%%

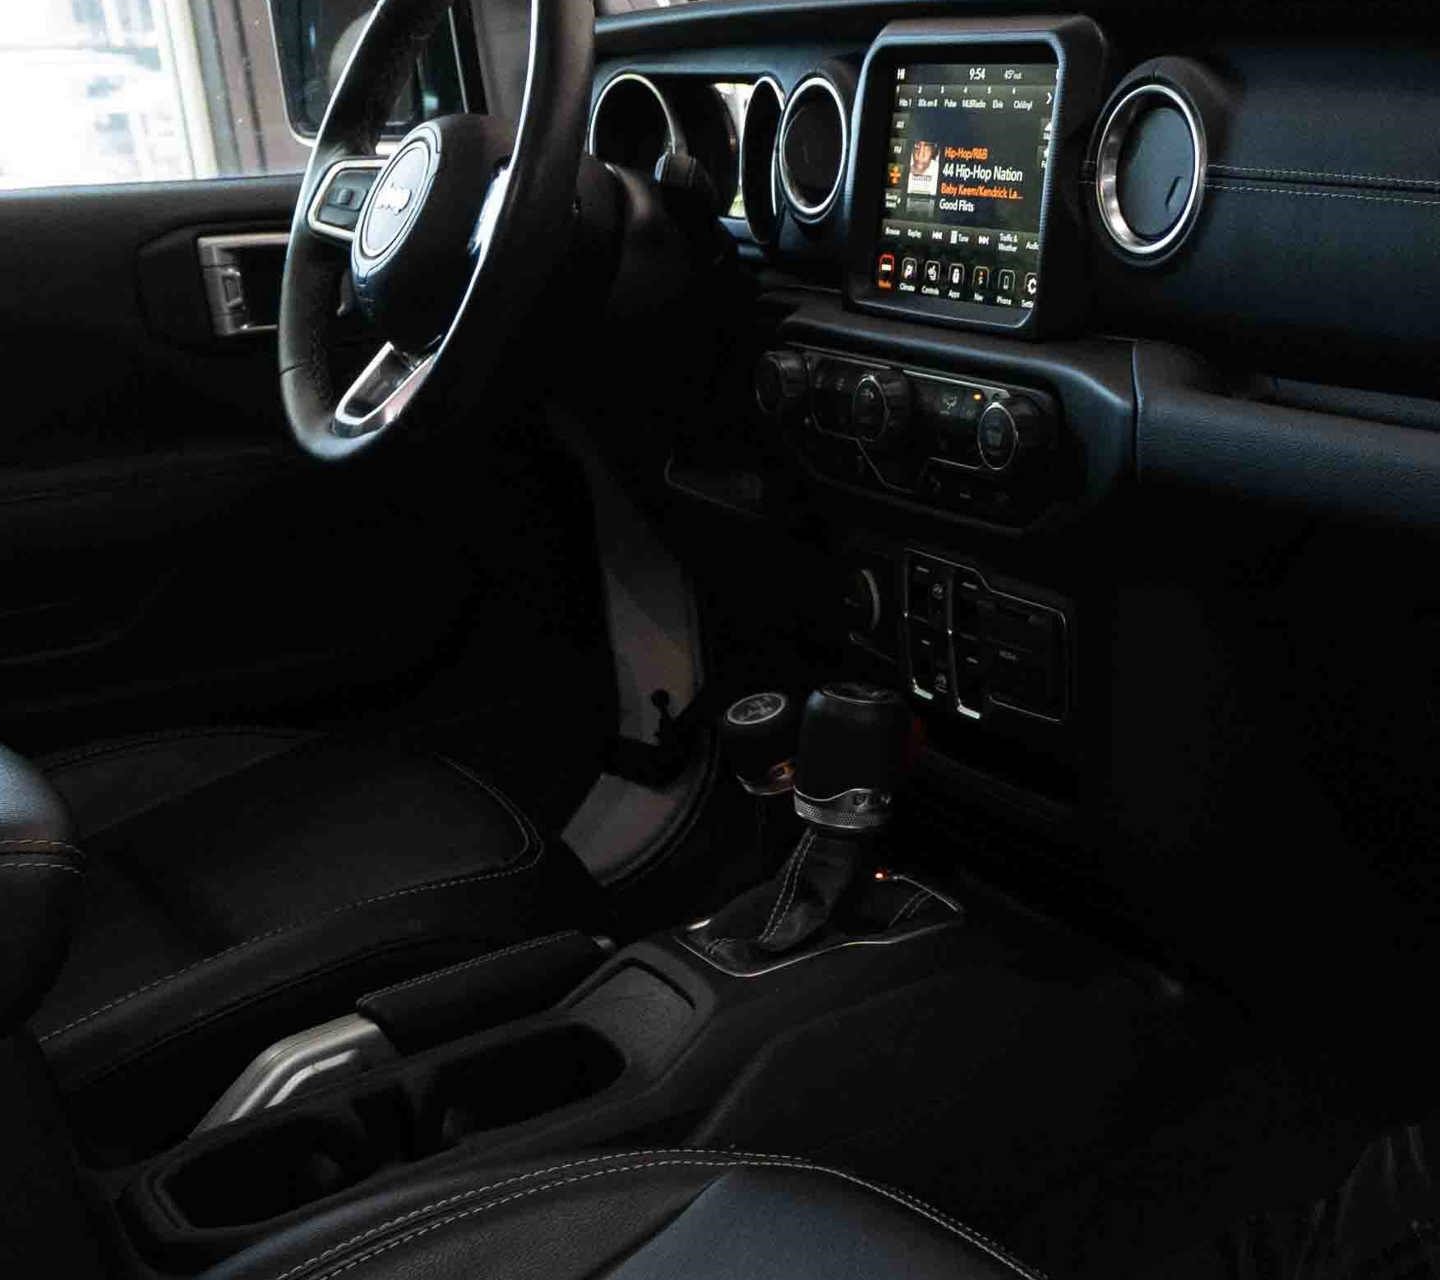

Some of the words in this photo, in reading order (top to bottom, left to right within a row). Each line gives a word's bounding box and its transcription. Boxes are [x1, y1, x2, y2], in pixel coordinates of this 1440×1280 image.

[969, 67, 986, 81] 9:54
[944, 147, 988, 161] Hip-Hop/R&B
[942, 164, 954, 177] 44
[956, 164, 991, 182] Hip-Hop
[993, 166, 1023, 182] Nation
[941, 183, 956, 197] Baby
[939, 199, 957, 211] Good

%%

YOUR GOAL: Write the listing above out again word for word, excluding all images.

RESPONSE BOX:
Some of the words in this photo, in reading order (top to bottom, left to right within a row). Each line gives a word's bounding box and its transcription. Boxes are [x1, y1, x2, y2], in pixel coordinates of this 1440×1280 image.

[969, 67, 986, 81] 9:54
[944, 147, 988, 161] Hip-Hop/R&B
[942, 164, 954, 177] 44
[956, 164, 991, 182] Hip-Hop
[993, 166, 1023, 182] Nation
[941, 183, 956, 197] Baby
[939, 199, 957, 211] Good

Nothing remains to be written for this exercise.